┌─ Extracted material

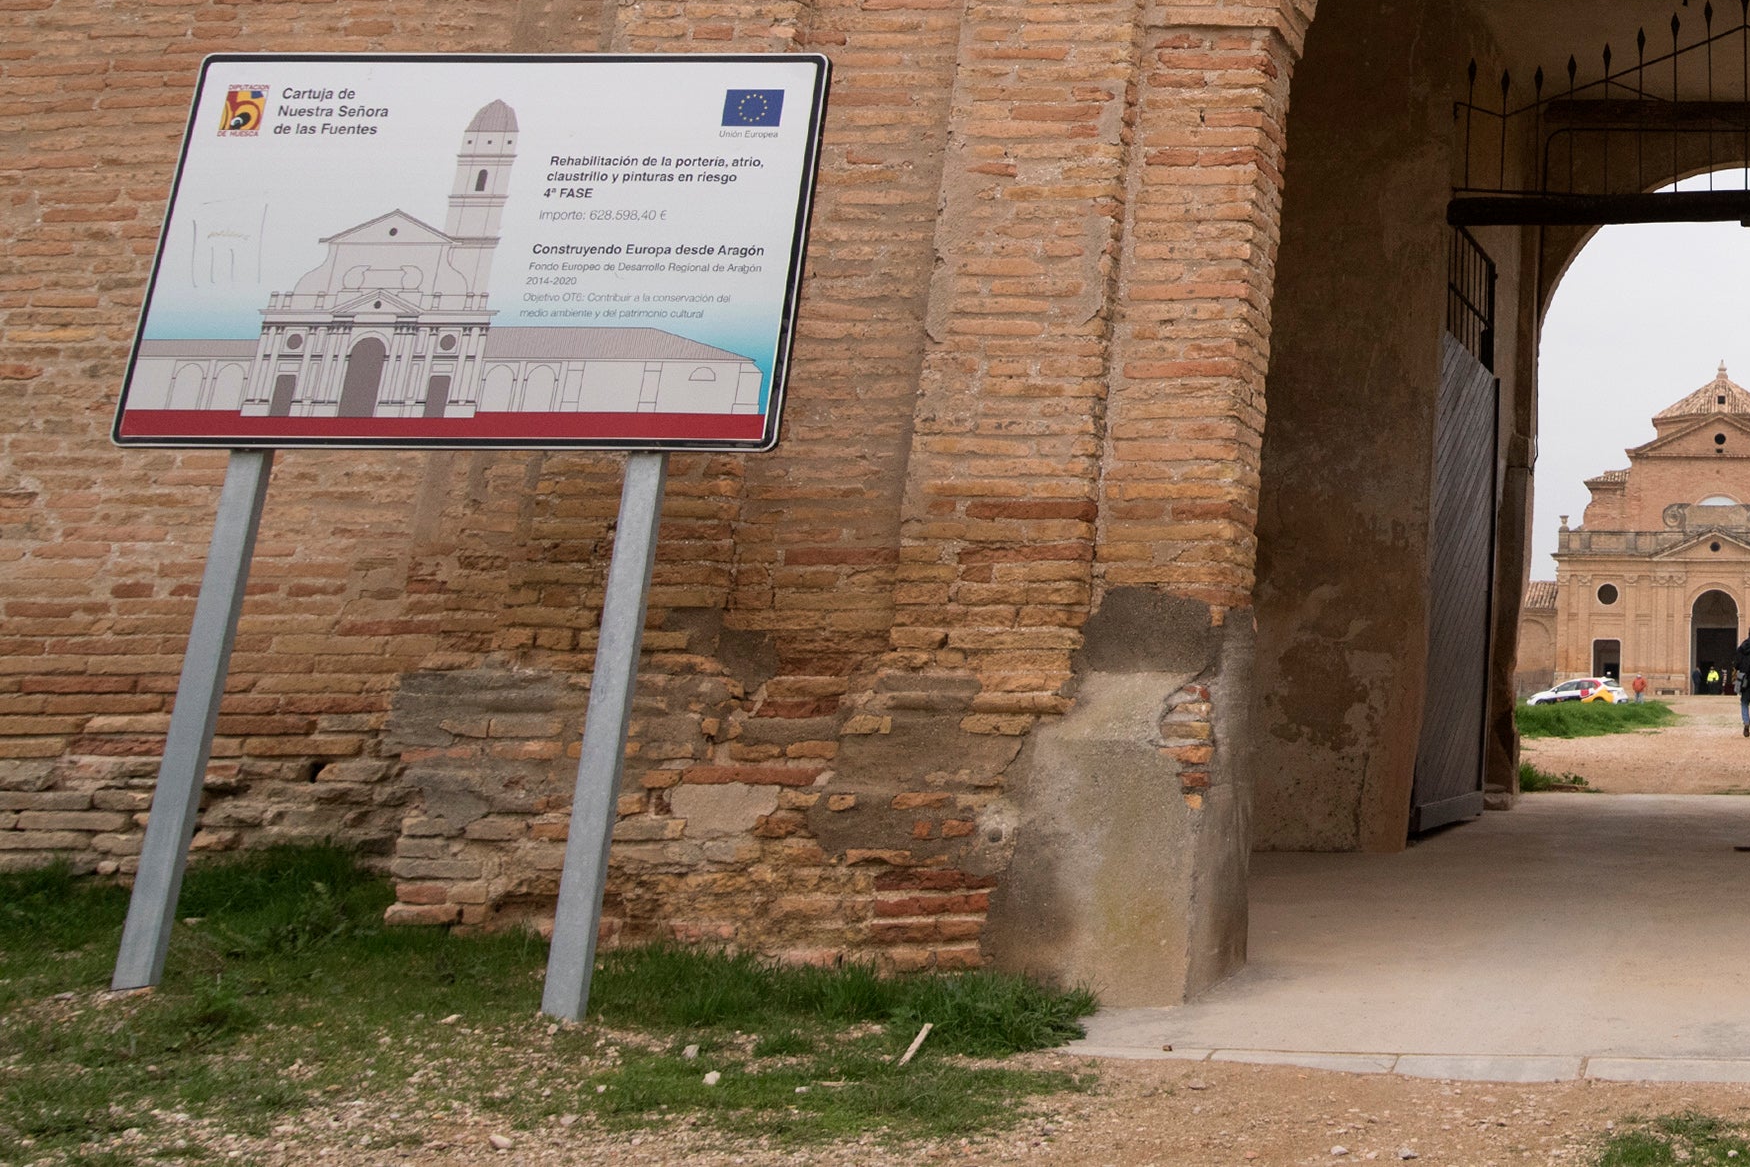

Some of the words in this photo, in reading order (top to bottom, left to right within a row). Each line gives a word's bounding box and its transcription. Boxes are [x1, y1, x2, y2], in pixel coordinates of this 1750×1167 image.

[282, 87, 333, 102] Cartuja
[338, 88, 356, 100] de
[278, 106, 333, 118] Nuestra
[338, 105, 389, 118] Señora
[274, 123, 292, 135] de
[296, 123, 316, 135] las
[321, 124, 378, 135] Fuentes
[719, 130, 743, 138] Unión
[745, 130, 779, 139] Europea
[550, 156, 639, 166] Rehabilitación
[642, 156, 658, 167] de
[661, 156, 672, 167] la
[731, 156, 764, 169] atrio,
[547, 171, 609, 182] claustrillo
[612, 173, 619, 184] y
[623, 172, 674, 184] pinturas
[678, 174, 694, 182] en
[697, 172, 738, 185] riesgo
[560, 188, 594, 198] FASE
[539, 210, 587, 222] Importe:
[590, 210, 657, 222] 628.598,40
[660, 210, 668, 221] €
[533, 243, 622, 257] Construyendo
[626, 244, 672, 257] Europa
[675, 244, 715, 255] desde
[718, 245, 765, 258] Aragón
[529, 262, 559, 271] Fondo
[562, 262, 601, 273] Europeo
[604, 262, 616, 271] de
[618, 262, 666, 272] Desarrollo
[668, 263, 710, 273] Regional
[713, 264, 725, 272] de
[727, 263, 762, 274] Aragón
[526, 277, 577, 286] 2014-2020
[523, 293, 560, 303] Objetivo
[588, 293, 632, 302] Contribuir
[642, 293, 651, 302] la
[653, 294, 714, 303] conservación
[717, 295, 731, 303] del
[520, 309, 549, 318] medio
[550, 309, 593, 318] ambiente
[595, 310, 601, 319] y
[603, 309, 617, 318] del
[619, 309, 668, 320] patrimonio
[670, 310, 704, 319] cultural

└─

**What you need to do:** Copy out all the data exactly. No images belong in the copy.

**Answer space:**
Some of the words in this photo, in reading order (top to bottom, left to right within a row). Each line gives a word's bounding box and its transcription. Boxes are [x1, y1, x2, y2], in pixel coordinates of this 1750×1167 image.

[282, 87, 333, 102] Cartuja
[338, 88, 356, 100] de
[278, 106, 333, 118] Nuestra
[338, 105, 389, 118] Señora
[274, 123, 292, 135] de
[296, 123, 316, 135] las
[321, 124, 378, 135] Fuentes
[719, 130, 743, 138] Unión
[745, 130, 779, 139] Europea
[550, 156, 639, 166] Rehabilitación
[642, 156, 658, 167] de
[661, 156, 672, 167] la
[731, 156, 764, 169] atrio,
[547, 171, 609, 182] claustrillo
[612, 173, 619, 184] y
[623, 172, 674, 184] pinturas
[678, 174, 694, 182] en
[697, 172, 738, 185] riesgo
[560, 188, 594, 198] FASE
[539, 210, 587, 222] Importe:
[590, 210, 657, 222] 628.598,40
[660, 210, 668, 221] €
[533, 243, 622, 257] Construyendo
[626, 244, 672, 257] Europa
[675, 244, 715, 255] desde
[718, 245, 765, 258] Aragón
[529, 262, 559, 271] Fondo
[562, 262, 601, 273] Europeo
[604, 262, 616, 271] de
[618, 262, 666, 272] Desarrollo
[668, 263, 710, 273] Regional
[713, 264, 725, 272] de
[727, 263, 762, 274] Aragón
[526, 277, 577, 286] 2014-2020
[523, 293, 560, 303] Objetivo
[588, 293, 632, 302] Contribuir
[642, 293, 651, 302] la
[653, 294, 714, 303] conservación
[717, 295, 731, 303] del
[520, 309, 549, 318] medio
[550, 309, 593, 318] ambiente
[595, 310, 601, 319] y
[603, 309, 617, 318] del
[619, 309, 668, 320] patrimonio
[670, 310, 704, 319] cultural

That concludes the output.